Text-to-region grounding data
BEGIN
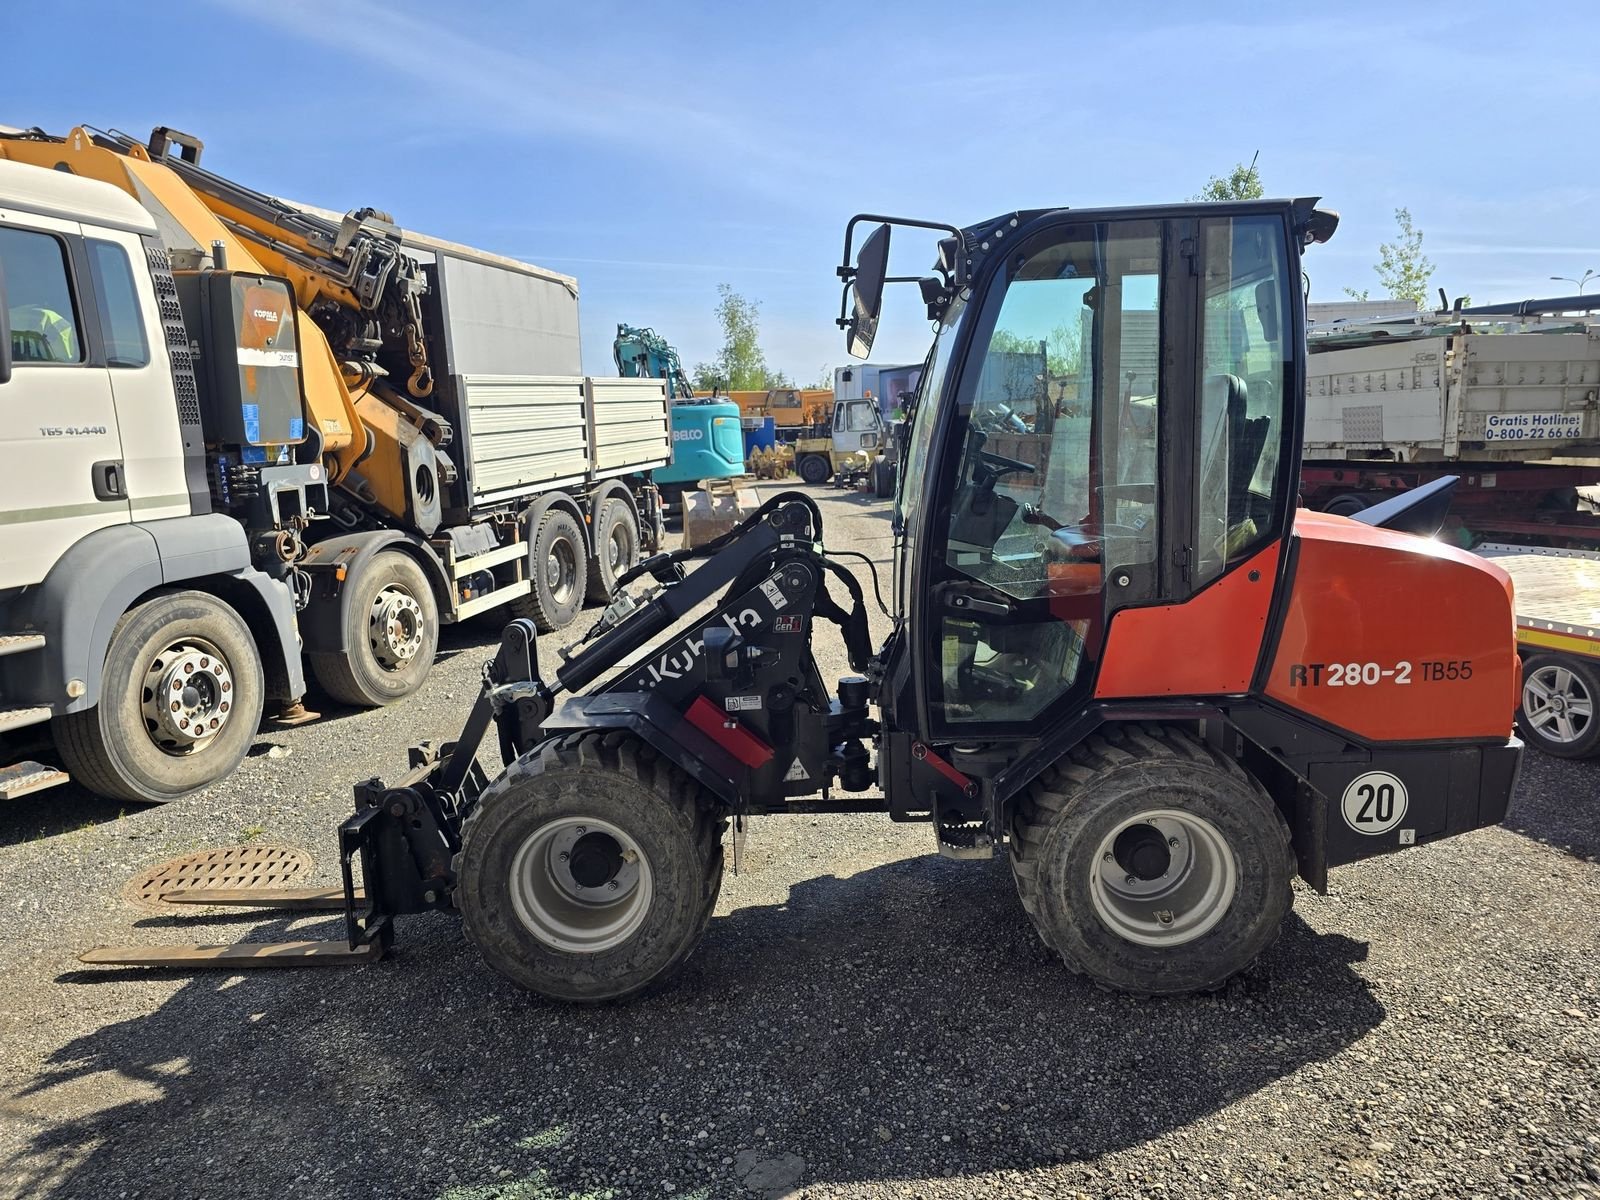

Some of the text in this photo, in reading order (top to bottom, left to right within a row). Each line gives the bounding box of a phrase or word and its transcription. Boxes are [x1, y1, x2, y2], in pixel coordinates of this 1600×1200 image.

[1489, 415, 1528, 426] Gratis
[1532, 414, 1580, 426] Hotline:
[40, 426, 106, 436] TGS 41.440
[1486, 427, 1580, 440] 0-800-22 66 66
[647, 608, 763, 684] Kubta
[1421, 661, 1473, 682] TB55
[1355, 783, 1396, 823] 20
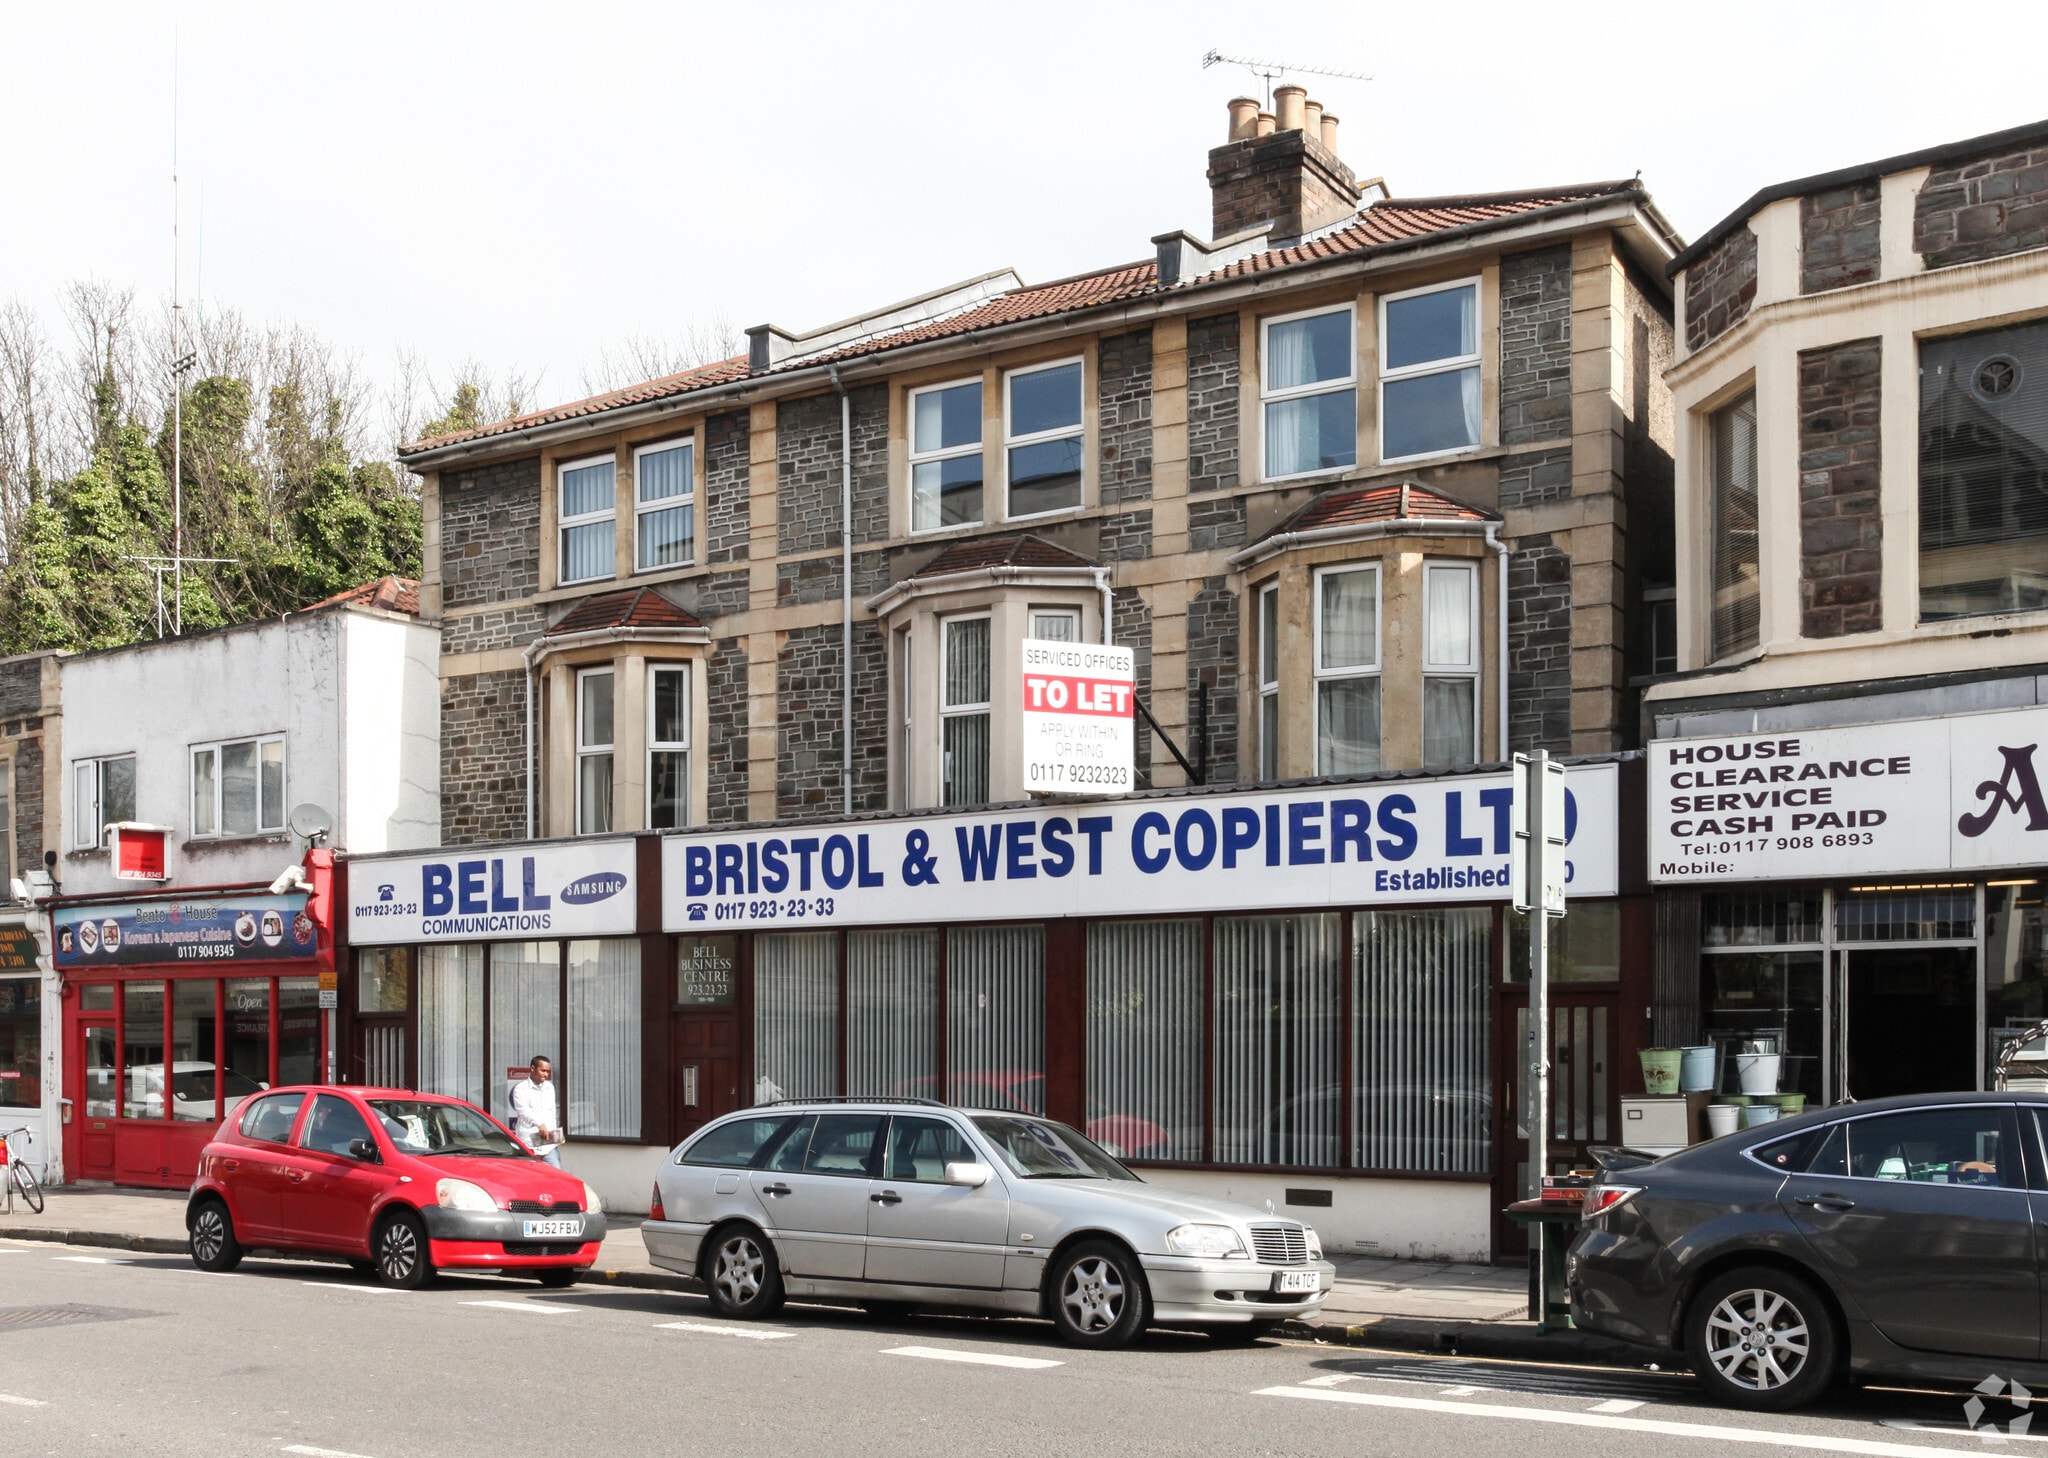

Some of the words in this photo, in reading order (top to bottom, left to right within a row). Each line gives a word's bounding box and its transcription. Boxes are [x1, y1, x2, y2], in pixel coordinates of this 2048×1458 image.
END
* Exercise prompt *
Could you restate every record above word for word, dropping the pictures?

* Output for this task *
Some of the text in this photo, in reading order (top to bottom, left to right within a row). Each line gives the bounding box of a phrase or word and its transcription. Boxes are [x1, y1, x2, y2], in pixel coordinates of this 1600×1200 image.

[1489, 415, 1528, 426] Gratis
[1532, 414, 1580, 426] Hotline:
[40, 426, 106, 436] TGS 41.440
[1486, 427, 1580, 440] 0-800-22 66 66
[647, 608, 763, 684] Kubta
[1421, 661, 1473, 682] TB55
[1355, 783, 1396, 823] 20

Some of the words in this photo, in reading order (top to bottom, left to right within a row). Each line gives a word's bounding box and its transcription. Boxes are [x1, y1, x2, y2], in pixel coordinates of this 2048×1458 image.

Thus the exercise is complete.